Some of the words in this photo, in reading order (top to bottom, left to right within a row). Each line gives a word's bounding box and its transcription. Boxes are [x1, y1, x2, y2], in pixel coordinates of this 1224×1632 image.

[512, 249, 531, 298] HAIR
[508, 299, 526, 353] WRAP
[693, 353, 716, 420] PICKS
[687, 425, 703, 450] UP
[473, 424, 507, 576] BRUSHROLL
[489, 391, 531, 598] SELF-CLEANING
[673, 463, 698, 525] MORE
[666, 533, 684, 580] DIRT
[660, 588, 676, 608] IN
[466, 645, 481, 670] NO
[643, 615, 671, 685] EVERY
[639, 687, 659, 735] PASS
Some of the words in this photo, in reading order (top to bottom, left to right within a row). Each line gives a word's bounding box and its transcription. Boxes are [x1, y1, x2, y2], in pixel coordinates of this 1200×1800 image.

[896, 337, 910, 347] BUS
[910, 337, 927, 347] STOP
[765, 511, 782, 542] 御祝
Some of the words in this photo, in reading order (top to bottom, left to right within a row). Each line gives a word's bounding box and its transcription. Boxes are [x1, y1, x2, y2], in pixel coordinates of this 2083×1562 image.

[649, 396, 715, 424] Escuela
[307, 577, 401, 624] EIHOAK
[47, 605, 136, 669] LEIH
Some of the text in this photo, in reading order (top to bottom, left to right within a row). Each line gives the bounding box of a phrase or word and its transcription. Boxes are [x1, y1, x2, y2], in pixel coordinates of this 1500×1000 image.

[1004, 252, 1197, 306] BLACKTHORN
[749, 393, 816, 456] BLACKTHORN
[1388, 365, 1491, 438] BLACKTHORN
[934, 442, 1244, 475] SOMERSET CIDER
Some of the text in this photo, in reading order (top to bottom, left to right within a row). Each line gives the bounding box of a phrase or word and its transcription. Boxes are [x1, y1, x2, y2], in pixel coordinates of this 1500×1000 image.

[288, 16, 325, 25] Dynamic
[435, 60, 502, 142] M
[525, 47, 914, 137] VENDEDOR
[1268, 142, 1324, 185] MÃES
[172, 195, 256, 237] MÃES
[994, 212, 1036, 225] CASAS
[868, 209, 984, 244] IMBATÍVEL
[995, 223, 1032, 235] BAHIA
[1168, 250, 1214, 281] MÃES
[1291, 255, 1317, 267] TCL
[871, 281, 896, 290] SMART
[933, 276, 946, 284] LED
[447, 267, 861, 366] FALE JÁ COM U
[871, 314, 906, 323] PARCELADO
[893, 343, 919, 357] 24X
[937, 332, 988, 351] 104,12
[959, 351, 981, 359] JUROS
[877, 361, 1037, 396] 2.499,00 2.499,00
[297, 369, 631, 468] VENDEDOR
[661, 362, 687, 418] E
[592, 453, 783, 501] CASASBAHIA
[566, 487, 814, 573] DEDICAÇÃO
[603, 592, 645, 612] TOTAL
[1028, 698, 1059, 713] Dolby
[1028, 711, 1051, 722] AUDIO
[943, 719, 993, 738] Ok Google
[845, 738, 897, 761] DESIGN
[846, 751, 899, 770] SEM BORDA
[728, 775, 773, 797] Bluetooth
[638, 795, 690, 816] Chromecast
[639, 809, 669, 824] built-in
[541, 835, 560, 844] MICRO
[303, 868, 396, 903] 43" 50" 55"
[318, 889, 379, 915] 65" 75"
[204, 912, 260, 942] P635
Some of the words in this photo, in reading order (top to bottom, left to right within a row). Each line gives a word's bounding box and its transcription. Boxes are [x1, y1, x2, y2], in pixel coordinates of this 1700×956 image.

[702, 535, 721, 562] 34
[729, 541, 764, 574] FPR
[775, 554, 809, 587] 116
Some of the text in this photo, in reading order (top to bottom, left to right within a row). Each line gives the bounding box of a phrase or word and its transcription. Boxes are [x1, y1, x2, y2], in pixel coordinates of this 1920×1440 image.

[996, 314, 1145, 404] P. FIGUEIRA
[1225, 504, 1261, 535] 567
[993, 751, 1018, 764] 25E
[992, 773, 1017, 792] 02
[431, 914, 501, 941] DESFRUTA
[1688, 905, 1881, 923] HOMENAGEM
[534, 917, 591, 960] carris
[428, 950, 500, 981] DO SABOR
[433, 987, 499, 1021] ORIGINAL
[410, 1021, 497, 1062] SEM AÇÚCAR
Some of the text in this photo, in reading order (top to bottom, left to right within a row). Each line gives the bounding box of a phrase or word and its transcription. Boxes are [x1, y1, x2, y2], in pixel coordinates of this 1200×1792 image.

WHAT IS BEING ASKED:
Reproduce all of the data above, exactly and without omission.

EXERCISE RESPONSE:
Some of the words in this photo, in reading order (top to bottom, left to right within a row). Each line gives a word's bounding box and its transcription. Boxes are [x1, y1, x2, y2], in pixel coordinates of this 1224×1632 image.

[512, 249, 531, 298] HAIR
[508, 299, 526, 353] WRAP
[693, 353, 716, 420] PICKS
[687, 425, 703, 450] UP
[473, 424, 507, 576] BRUSHROLL
[489, 391, 531, 598] SELF-CLEANING
[673, 463, 698, 525] MORE
[666, 533, 684, 580] DIRT
[660, 588, 676, 608] IN
[466, 645, 481, 670] NO
[643, 615, 671, 685] EVERY
[639, 687, 659, 735] PASS
Some of the words in this photo, in reading order (top to bottom, left to right within a row). Each line gives a word's bounding box and its transcription. Boxes are [x1, y1, x2, y2], in pixel coordinates of this 1200×1800 image.

[896, 337, 910, 347] BUS
[910, 337, 927, 347] STOP
[765, 511, 782, 542] 御祝
Some of the words in this photo, in reading order (top to bottom, left to right within a row). Each line gives a word's bounding box and its transcription. Boxes are [x1, y1, x2, y2], in pixel coordinates of this 2083×1562 image.

[649, 396, 715, 424] Escuela
[307, 577, 401, 624] EIHOAK
[47, 605, 136, 669] LEIH
Some of the text in this photo, in reading order (top to bottom, left to right within a row). Each line gives the bounding box of a phrase or word and its transcription. Boxes are [x1, y1, x2, y2], in pixel coordinates of this 1500×1000 image.

[1004, 252, 1197, 306] BLACKTHORN
[749, 393, 816, 456] BLACKTHORN
[1388, 365, 1491, 438] BLACKTHORN
[934, 442, 1244, 475] SOMERSET CIDER
Some of the text in this photo, in reading order (top to bottom, left to right within a row). Each line gives the bounding box of a phrase or word and its transcription. Boxes are [x1, y1, x2, y2], in pixel coordinates of this 1500×1000 image.

[288, 16, 325, 25] Dynamic
[435, 60, 502, 142] M
[525, 47, 914, 137] VENDEDOR
[1268, 142, 1324, 185] MÃES
[172, 195, 256, 237] MÃES
[994, 212, 1036, 225] CASAS
[868, 209, 984, 244] IMBATÍVEL
[995, 223, 1032, 235] BAHIA
[1168, 250, 1214, 281] MÃES
[1291, 255, 1317, 267] TCL
[871, 281, 896, 290] SMART
[933, 276, 946, 284] LED
[447, 267, 861, 366] FALE JÁ COM U
[871, 314, 906, 323] PARCELADO
[893, 343, 919, 357] 24X
[937, 332, 988, 351] 104,12
[959, 351, 981, 359] JUROS
[877, 361, 1037, 396] 2.499,00 2.499,00
[297, 369, 631, 468] VENDEDOR
[661, 362, 687, 418] E
[592, 453, 783, 501] CASASBAHIA
[566, 487, 814, 573] DEDICAÇÃO
[603, 592, 645, 612] TOTAL
[1028, 698, 1059, 713] Dolby
[1028, 711, 1051, 722] AUDIO
[943, 719, 993, 738] Ok Google
[845, 738, 897, 761] DESIGN
[846, 751, 899, 770] SEM BORDA
[728, 775, 773, 797] Bluetooth
[638, 795, 690, 816] Chromecast
[639, 809, 669, 824] built-in
[541, 835, 560, 844] MICRO
[303, 868, 396, 903] 43" 50" 55"
[318, 889, 379, 915] 65" 75"
[204, 912, 260, 942] P635
Some of the words in this photo, in reading order (top to bottom, left to right within a row). Each line gives a word's bounding box and its transcription. Boxes are [x1, y1, x2, y2], in pixel coordinates of this 1700×956 image.

[702, 535, 721, 562] 34
[729, 541, 764, 574] FPR
[775, 554, 809, 587] 116
Some of the text in this photo, in reading order (top to bottom, left to right within a row). Each line gives the bounding box of a phrase or word and its transcription. Boxes are [x1, y1, x2, y2], in pixel coordinates of this 1920×1440 image.

[996, 314, 1145, 404] P. FIGUEIRA
[1225, 504, 1261, 535] 567
[993, 751, 1018, 764] 25E
[992, 773, 1017, 792] 02
[431, 914, 501, 941] DESFRUTA
[1688, 905, 1881, 923] HOMENAGEM
[534, 917, 591, 960] carris
[428, 950, 500, 981] DO SABOR
[433, 987, 499, 1021] ORIGINAL
[410, 1021, 497, 1062] SEM AÇÚCAR
Some of the text in this photo, in reading order (top to bottom, left to right within a row). Each line gives the bounding box of a phrase or word and its transcription. Boxes are [x1, y1, x2, y2], in pixel coordinates of this 1200×1792 image.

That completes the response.